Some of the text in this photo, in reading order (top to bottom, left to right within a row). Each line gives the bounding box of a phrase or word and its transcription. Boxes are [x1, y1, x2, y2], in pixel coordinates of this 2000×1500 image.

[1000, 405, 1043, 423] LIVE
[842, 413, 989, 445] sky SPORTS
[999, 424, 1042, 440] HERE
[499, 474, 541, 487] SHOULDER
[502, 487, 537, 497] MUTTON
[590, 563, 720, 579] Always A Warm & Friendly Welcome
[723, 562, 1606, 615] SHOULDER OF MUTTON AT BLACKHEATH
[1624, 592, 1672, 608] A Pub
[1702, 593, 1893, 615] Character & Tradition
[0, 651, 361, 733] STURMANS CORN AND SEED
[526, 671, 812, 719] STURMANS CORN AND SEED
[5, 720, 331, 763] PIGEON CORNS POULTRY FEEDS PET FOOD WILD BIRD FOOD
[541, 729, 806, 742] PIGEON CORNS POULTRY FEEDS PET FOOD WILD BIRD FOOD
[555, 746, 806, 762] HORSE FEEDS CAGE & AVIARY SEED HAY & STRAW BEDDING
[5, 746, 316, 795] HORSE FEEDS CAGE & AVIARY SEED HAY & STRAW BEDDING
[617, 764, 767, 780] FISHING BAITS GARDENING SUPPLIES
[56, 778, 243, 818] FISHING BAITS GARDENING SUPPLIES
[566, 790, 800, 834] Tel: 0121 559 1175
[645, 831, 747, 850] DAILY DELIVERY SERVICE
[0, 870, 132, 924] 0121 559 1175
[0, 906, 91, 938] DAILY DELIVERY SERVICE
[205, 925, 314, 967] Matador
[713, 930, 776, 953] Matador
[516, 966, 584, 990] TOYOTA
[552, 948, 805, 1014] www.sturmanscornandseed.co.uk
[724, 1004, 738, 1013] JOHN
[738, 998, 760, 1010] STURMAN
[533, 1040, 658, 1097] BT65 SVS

→ **Task statement**
Return every entry exactly.

→ **Response below**
Some of the text in this photo, in reading order (top to bottom, left to right within a row). Each line gives the bounding box of a phrase or word and its transcription. Boxes are [x1, y1, x2, y2], in pixel coordinates of this 2000×1500 image.

[1000, 405, 1043, 423] LIVE
[842, 413, 989, 445] sky SPORTS
[999, 424, 1042, 440] HERE
[499, 474, 541, 487] SHOULDER
[502, 487, 537, 497] MUTTON
[590, 563, 720, 579] Always A Warm & Friendly Welcome
[723, 562, 1606, 615] SHOULDER OF MUTTON AT BLACKHEATH
[1624, 592, 1672, 608] A Pub
[1702, 593, 1893, 615] Character & Tradition
[0, 651, 361, 733] STURMANS CORN AND SEED
[526, 671, 812, 719] STURMANS CORN AND SEED
[5, 720, 331, 763] PIGEON CORNS POULTRY FEEDS PET FOOD WILD BIRD FOOD
[541, 729, 806, 742] PIGEON CORNS POULTRY FEEDS PET FOOD WILD BIRD FOOD
[555, 746, 806, 762] HORSE FEEDS CAGE & AVIARY SEED HAY & STRAW BEDDING
[5, 746, 316, 795] HORSE FEEDS CAGE & AVIARY SEED HAY & STRAW BEDDING
[617, 764, 767, 780] FISHING BAITS GARDENING SUPPLIES
[56, 778, 243, 818] FISHING BAITS GARDENING SUPPLIES
[566, 790, 800, 834] Tel: 0121 559 1175
[645, 831, 747, 850] DAILY DELIVERY SERVICE
[0, 870, 132, 924] 0121 559 1175
[0, 906, 91, 938] DAILY DELIVERY SERVICE
[205, 925, 314, 967] Matador
[713, 930, 776, 953] Matador
[516, 966, 584, 990] TOYOTA
[552, 948, 805, 1014] www.sturmanscornandseed.co.uk
[724, 1004, 738, 1013] JOHN
[738, 998, 760, 1010] STURMAN
[533, 1040, 658, 1097] BT65 SVS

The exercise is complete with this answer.